The Finish Line

This is a little piece I wrote in my recent writing class. These little snippets are what I'm working on as a greater part of my memoir project.

***

I stood in the dim light of the backstage with the sound of my heart beating in my ears. I nervously shifted my convocation cap and wiped sweaty palms on my black gown. Anxious sighs and whispers of my fellow university peers permeated the thick air as sweat beaded on my brow. We intermittently shuffled forward as each graduate at the front of the line eagerly sprang onto the stage to claim their place in the world of things. 

Families would be watching. Parents, siblings, grandparents, aunts and uncles. The halls were filled with the sounds of their laughter and shoulder slapping only an hour before. I wondered, would this feel different if any of my relatives came to witness? Did it matter? 

After what felt like an eternity, I was beckoned. This was my finish line.

“Heidi-Ann Wild. Psychology Major, with honours.”

I took a deep breath. My legs felt like custard but they carried me forward and into the light.

Fourteen years before, on a sunny spring afternoon, I was called to the high school office while hunkering over my desk in art class. The only class I made it to that day. I was fifteen.

“Heidi-Ann Wild. To the office please,” rang a woman’s loud voice over the classroom intercom.

Still groggy from a joint smoked over the noon hour, I lumbered into the front office. A square-jawed secretary with black beady eyes saw me and motioned dismissively to the left. “They’re in there.”

I looked through the doorway of the room on the left and saw my mother sitting in a chair. Her hurried, agitated tones were intermittently crushed by the booming lisps of Mr. Samborski (otherwise known among us teenagers as Mithter Thamborthki).

I walked in. “Hey.”

My mother turned to me with the daggered look of one who had been freshly defeated in battle. Mr. Samborski had that effect on people, but I knew this look on my mom’s face. I had seen a lot of it lately.

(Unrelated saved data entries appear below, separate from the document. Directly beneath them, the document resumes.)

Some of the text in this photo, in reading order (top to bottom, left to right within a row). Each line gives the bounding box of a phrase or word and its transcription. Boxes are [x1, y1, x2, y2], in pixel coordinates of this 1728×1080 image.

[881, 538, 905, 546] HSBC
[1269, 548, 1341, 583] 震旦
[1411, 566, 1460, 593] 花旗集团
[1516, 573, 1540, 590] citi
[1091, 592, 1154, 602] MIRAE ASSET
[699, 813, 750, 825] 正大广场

“Heidi-Ann,” said Mr. Samborski, “I was just explaining to your mother that you will no longer be attending our thchool”.

“Oh yeah?” I did not care.

“You’ve been given lots of warnings. Thith isn’t another warning. You’re done here.”

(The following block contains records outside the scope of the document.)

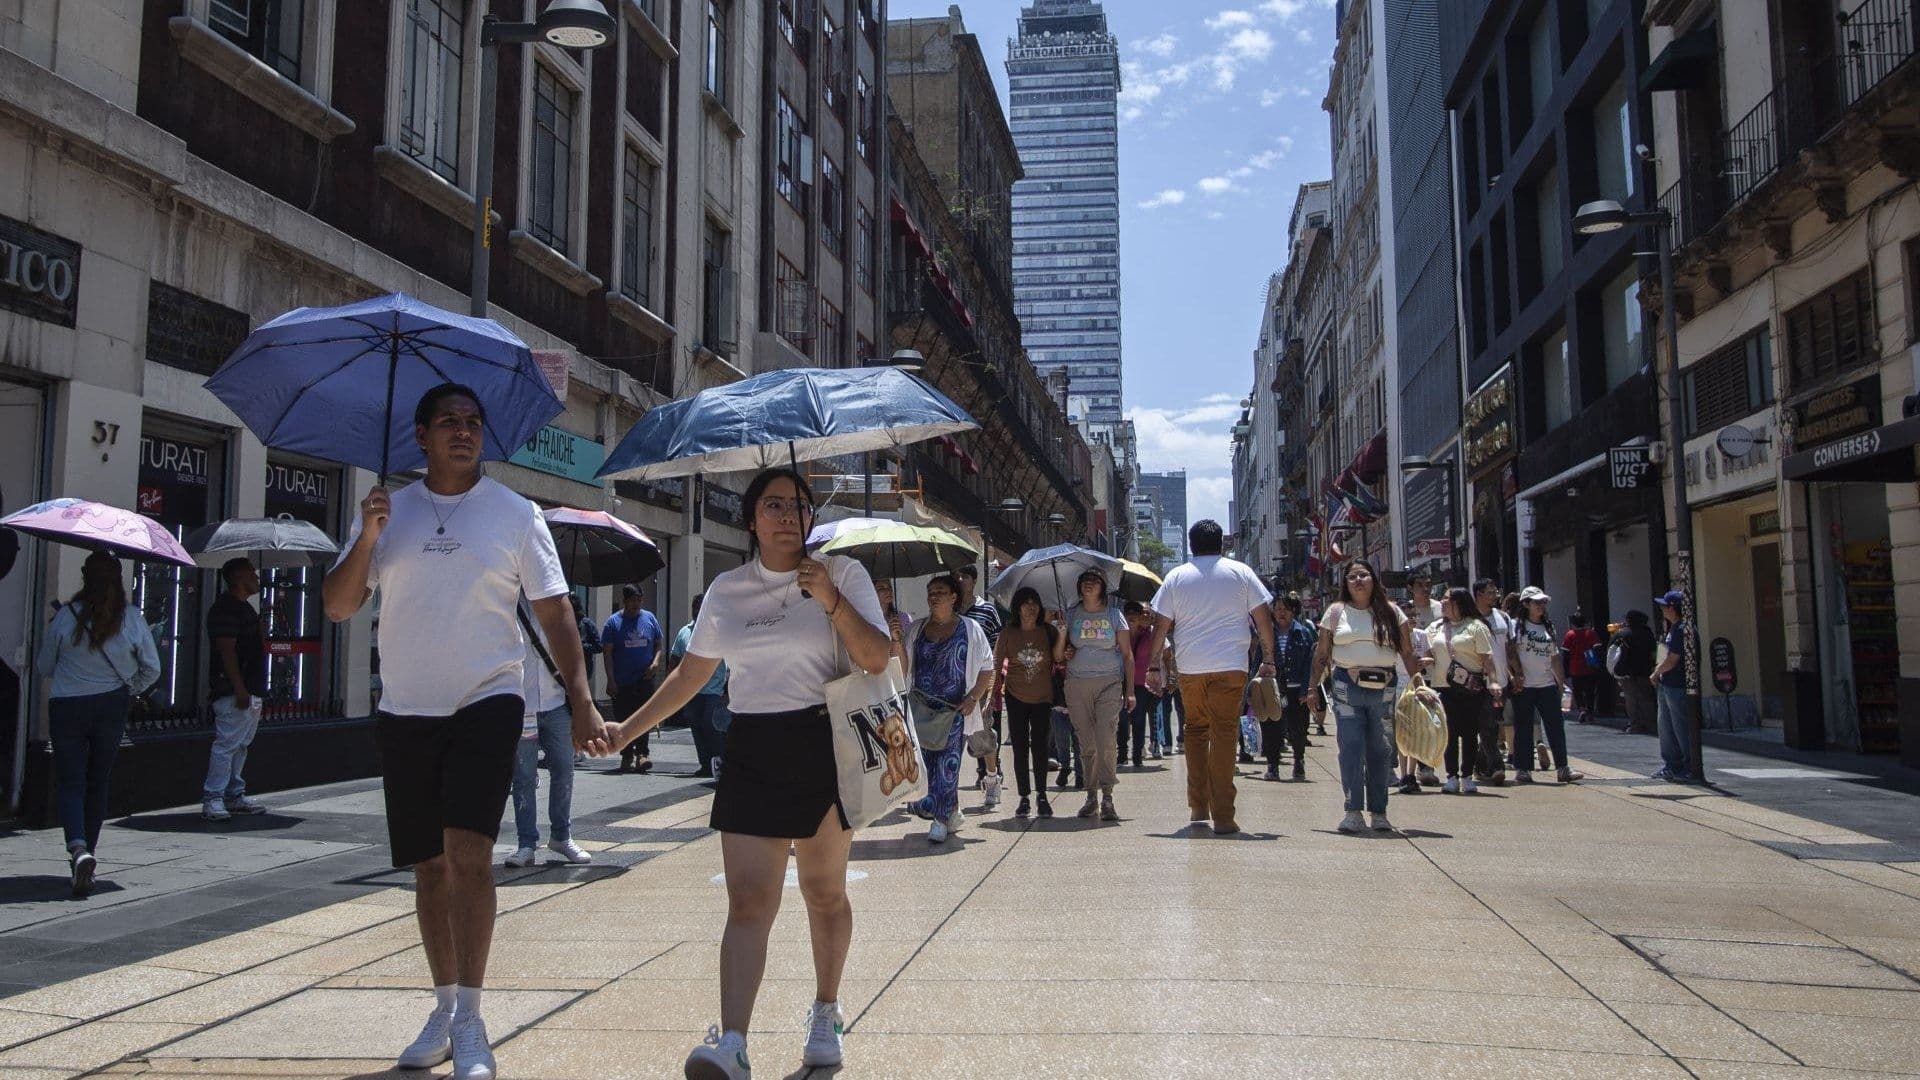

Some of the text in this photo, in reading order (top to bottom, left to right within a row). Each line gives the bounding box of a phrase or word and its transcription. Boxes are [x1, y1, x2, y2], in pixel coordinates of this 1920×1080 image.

[1013, 43, 1109, 58] LATINOAMERICANA
[92, 420, 120, 446] 37
[139, 438, 208, 476] TURATI
[1614, 450, 1641, 463] INN
[1814, 435, 1869, 467] CONVERSE
[1615, 462, 1650, 476] VICT
[1616, 476, 1637, 488] US

I knew by the steely look in his pale grey eyes that this was true. My mother was a fighter, and she was all I had. But too much blood had been spilled here and this battle was done.

My mother and I left the school together soon after the paperwork was signed. Without a car, it was a long walk home to our apartment. I felt a sense of liberation filling my limbs. I tried to hide my buoyancy.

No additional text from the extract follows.